Two Trench Knives of World War I, German & Austrian - Forged steel, wooden grip plates. A pair of authentic World War I trench knives. 1) German Trench Knife (Private Purchase): A typical privately acquired fighting knife used by German soldiers. The blade is single-edged, the grip made of ribbed wooden plates, with the characteristic S-shaped crossguard. Original as-found condition. Length 23.5 cm, blade length 12 cm. 2) Austrian Trench Knife M1917: Official model of the Austro-Hungarian Army. Strong, robust blade; grip composed of two smooth, dark wooden plates fixed with three rivets and an oval crossguard. Original as-found condition. Length 30 cm, blade length 18 cm. The trench warfare of World War I led to the development of the trench knife as an effective close-combat weapon. While the Austrian Model M1917 was a standardized service issue, German soldiers used a wide variety of privately purchased versions.

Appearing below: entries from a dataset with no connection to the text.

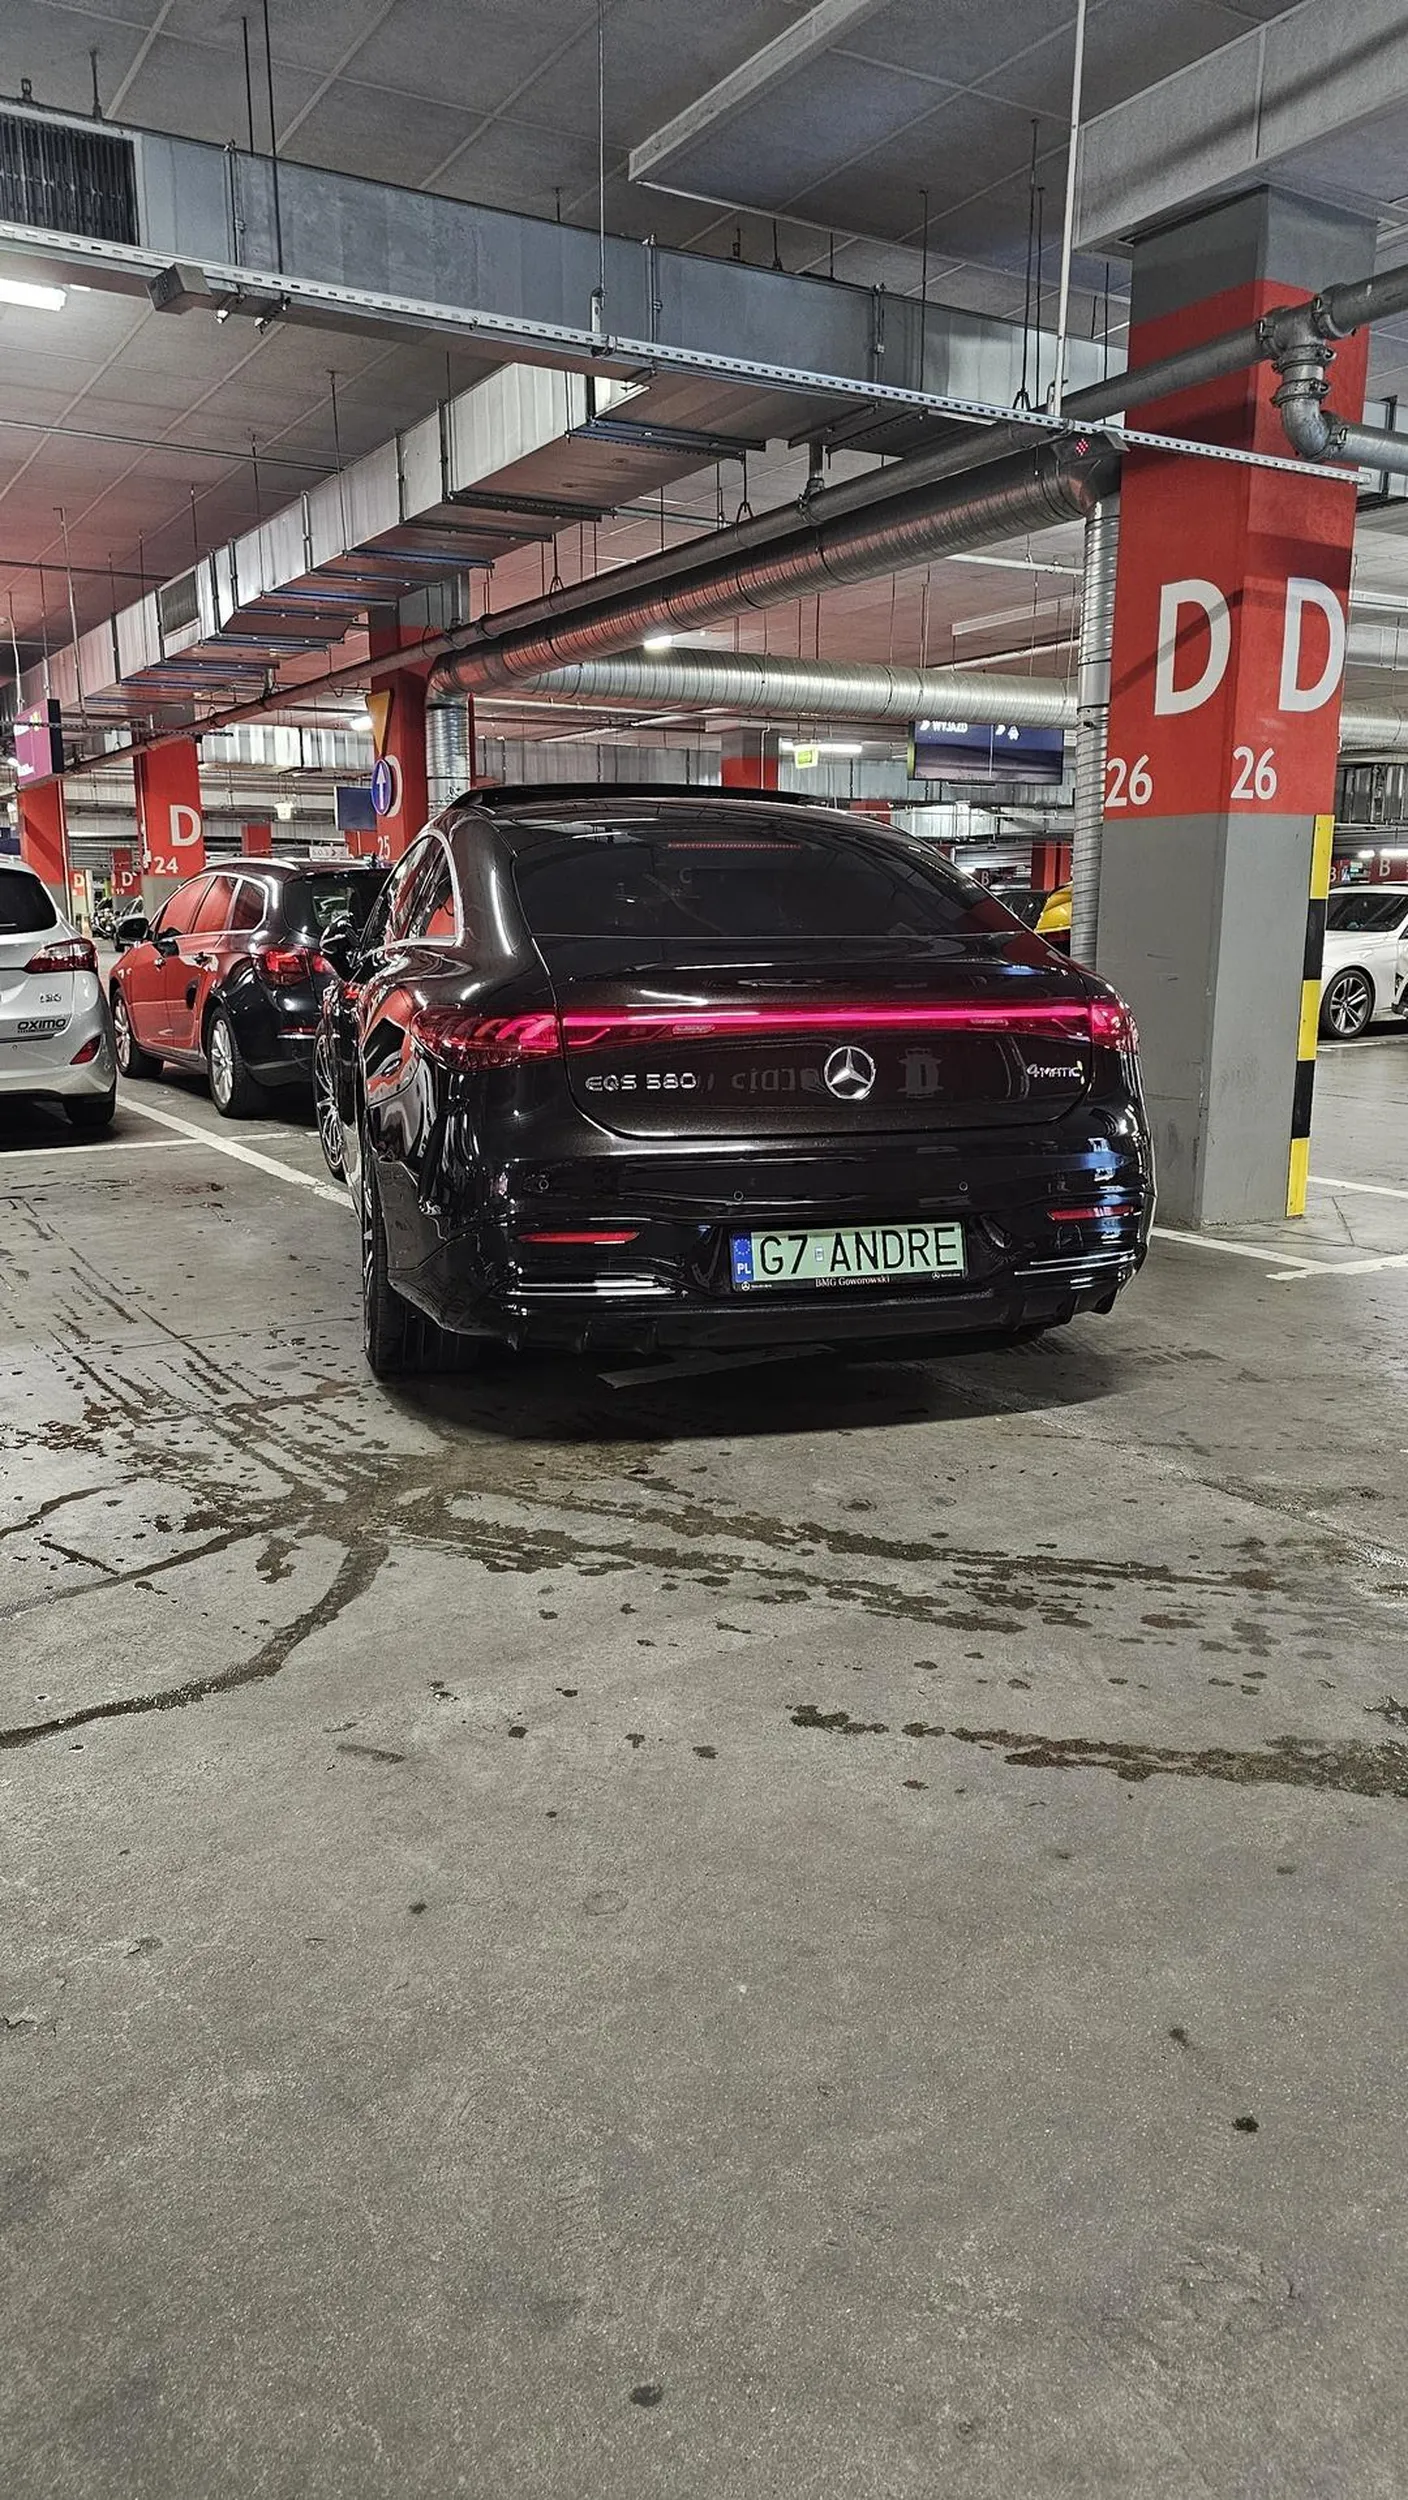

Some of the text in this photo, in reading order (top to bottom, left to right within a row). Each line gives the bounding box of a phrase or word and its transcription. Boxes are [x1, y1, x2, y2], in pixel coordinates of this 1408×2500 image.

[1154, 579, 1231, 716] D
[1279, 577, 1346, 712] D
[1105, 754, 1153, 808] 26
[1230, 746, 1277, 801] 26
[170, 805, 201, 847] D
[378, 836, 391, 860] 25
[154, 856, 179, 874] 24
[1379, 859, 1391, 877] B
[122, 871, 133, 887] D
[981, 871, 990, 886] B
[585, 1072, 697, 1091] EQS 580
[759, 1227, 958, 1275] G7 ANDRE
[737, 1262, 752, 1274] PL
[815, 1274, 890, 1288] BMG Goworowski
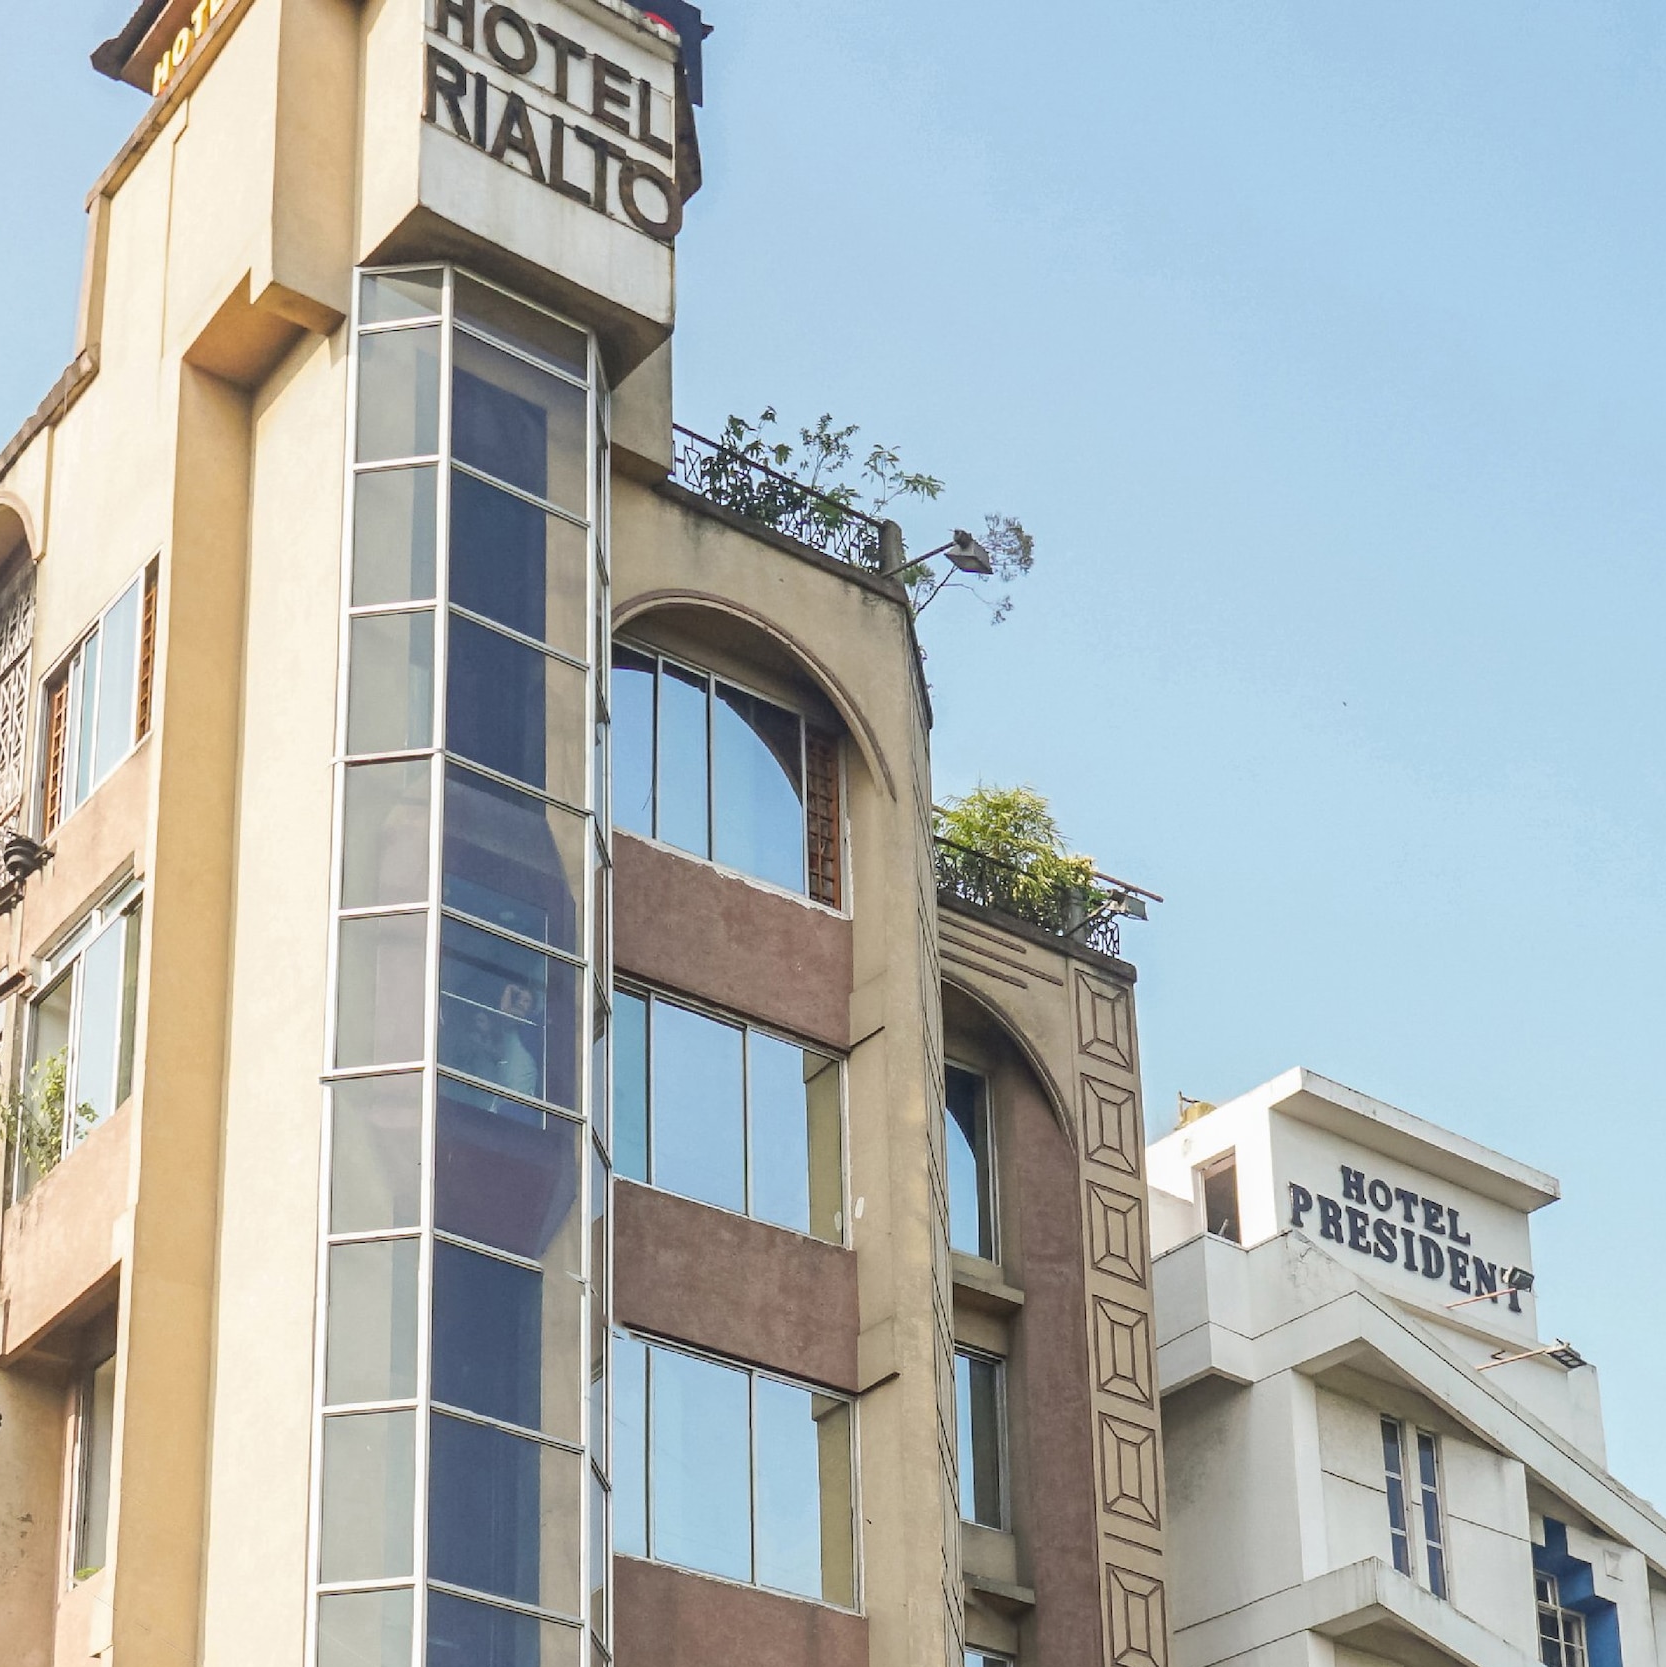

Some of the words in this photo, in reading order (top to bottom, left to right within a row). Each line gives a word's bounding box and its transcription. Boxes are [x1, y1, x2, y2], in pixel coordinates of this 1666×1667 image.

[422, 44, 683, 239] RIALTO
[434, 0, 674, 160] HOTEL
[1341, 1164, 1471, 1246] HOTEL

This pair strikingly illustrates these two different approaches to the same battlefield necessity. German Description Zwei Grabendolche des I. Weltkriegs, Deutsch & Österreichisch Stahl, geschmiedet, Holzgriffschalen. Ein Konvolut von zwei authentischen Grabendolchen aus dem Ersten Weltkrieg. 1) Deutscher Grabendolch (Privatbeschaffung). Ein typischer privat beschaffter Kampfdolch für deutsche Soldaten. Die Klinge ist einschneidig, der Griff besteht aus geriffelten Holzgriffschalen. Charakteristisch ist die S-förmig geschwungene Parierstange. Originaler Fundzustand, L. 23,5 cm, Klingenlänge 12 cm. 2) Österreichischer Grabendolch M1917. Ein offizielles Modell der k.u.k. Armee. Kräftige Klinge. Der Griff besteht aus zwei glatten, dunklen Holzgriffschalen, die mit drei Nieten befestigt sind, und einer ovalen Parierstange. Originaler Fundzustand, L. 30 cm, Klingenlänge 18 cm. Der Grabenkampf des Ersten Weltkriegs führte zur Entwicklung des Grabendolches als effektive Nahkampfwaffe. Während das österreichische Modell M1917 eine standardisierte Ordonnanzwaffe war, gab es auf deutscher Seite eine Vielzahl von privat beschafften Modellen, die von den Soldaten selbst gekauft wurden. Dieses Konvolut zeigt eindrucksvoll diese beiden unterschiedlichen Herangehensweisen an dieselbe militärische Notwendigkeit.